At the United Nations in New York, Ambassador Michel Kafando of Burkina Faso, a cochairman of the Security Council’s Iran sanctions committee, referred questions about a potential deal between Iran and Kazakhstan to his sanctions adviser, Zongo Saidou. Saidou said that, as far as he knew, none of the UN’s member nations has alerted the committee about any such allegations.

A senior UN official said the Vienna-based IAEA was aware of the assessment but could not yet draw conclusions. A Western diplomat from a member of the IAEA’s 35-nation board said the report was causing concern among countries that have seen it.

After-hours calls to offices of Kazatomprom, the Kazakh state uranium company, in Kazakhstan and Moscow, were not answered. Iranian nuclear officials also did not answer their telephones.

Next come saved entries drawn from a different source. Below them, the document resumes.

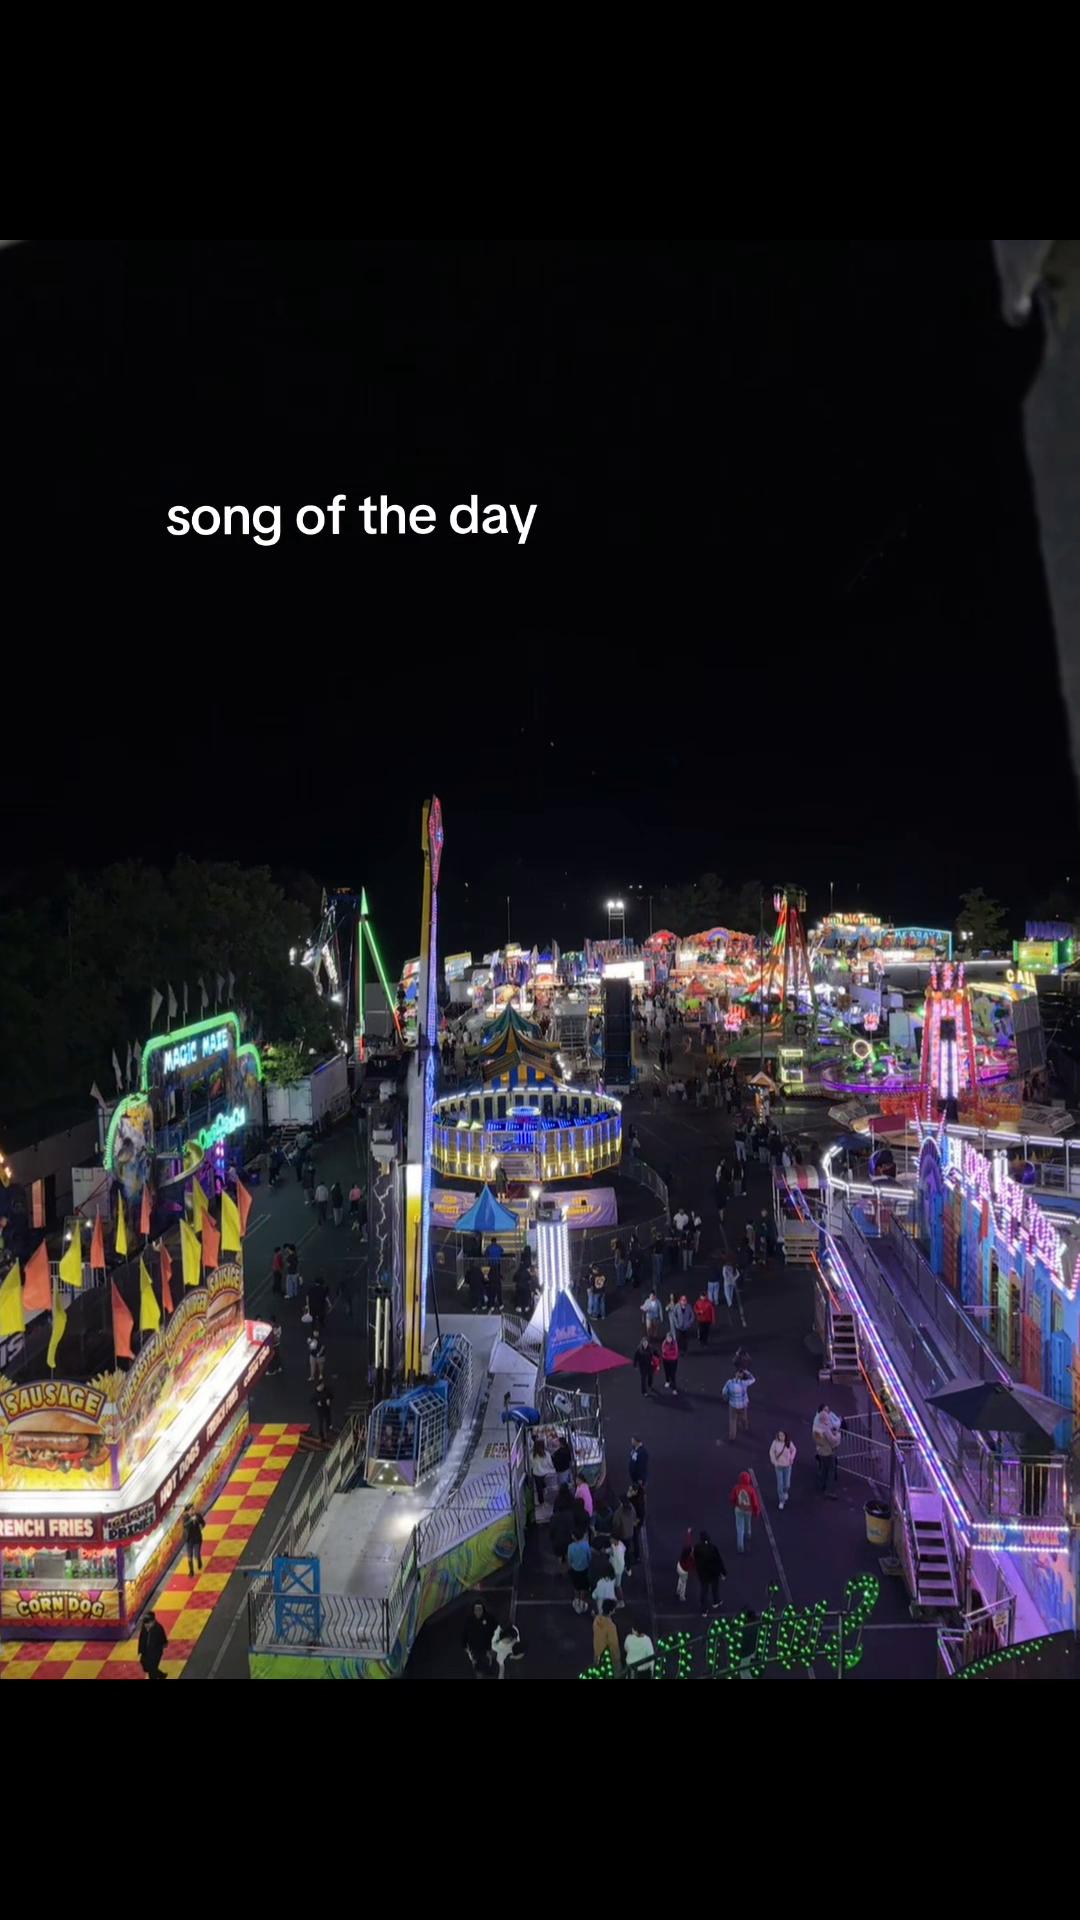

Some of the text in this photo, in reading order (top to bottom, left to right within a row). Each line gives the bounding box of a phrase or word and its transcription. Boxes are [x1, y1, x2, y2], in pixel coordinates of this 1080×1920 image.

[163, 1027, 229, 1075] MAGIC MAZE
[5, 1384, 101, 1417] SAUSAGE
[160, 1440, 200, 1507] HOT DOGS
[48, 1518, 94, 1537] FRIES
[978, 1528, 1060, 1546] NEW YORK
[18, 1597, 104, 1617] CORN DOG
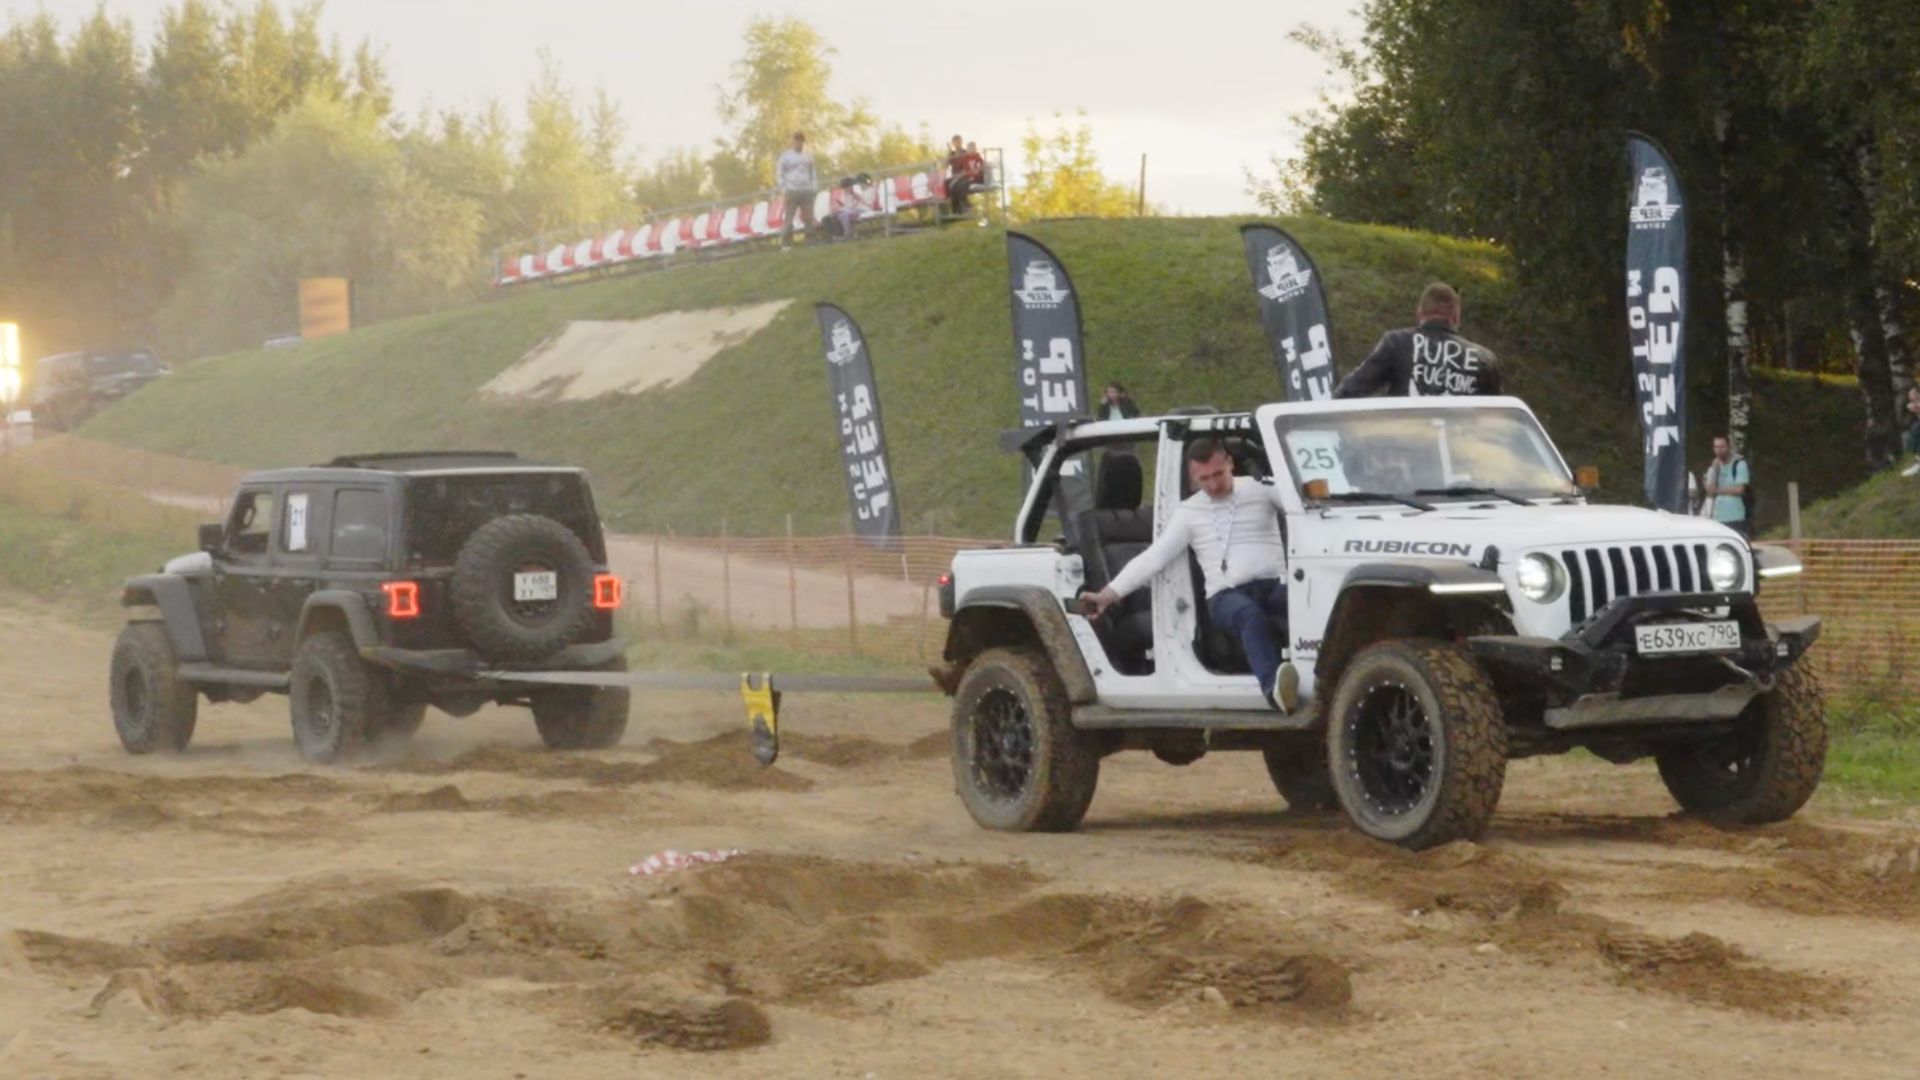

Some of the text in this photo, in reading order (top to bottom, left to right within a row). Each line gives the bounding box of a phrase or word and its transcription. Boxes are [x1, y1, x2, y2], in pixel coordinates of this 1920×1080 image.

[1413, 333, 1478, 371] PURE
[1297, 447, 1335, 470] 25
[1344, 539, 1472, 556] RUBICON

Purified ore, or uranium oxide - known as yellowcake - is processed into a uranium gas, which is then spun and respun to varying degrees of enrichment. Low-enriched uranium is used for nuclear fuel, and upper-end high-enriched uranium for nuclear weapons.

Analysts say Iran has amassed enough low-enriched uranium to build at least two nuclear warheads, should it choose to.

David Albright, head of the Institute for Science and International Security, estimated Tehran theoretically could produce 150 such weapons from 1,350 tons of yellowcake, as specified in the intelligence report, but said that was not necessarily why Iran wanted the material.

Iran is under three sets of Security Council sanctions for refusing to freeze its enrichment program and related activities that could be used to make nuclear weapons. Tehran denies such aspirations, saying it wants to enrich only to fuel an envisaged network of power reactors.

Any attempt to import such a large amount of uranium ore would a violation of those sanctions, which ban exports to the Islamic Republic of all items, materials, equipment, goods, and technology that could contribute to its enrichment activities.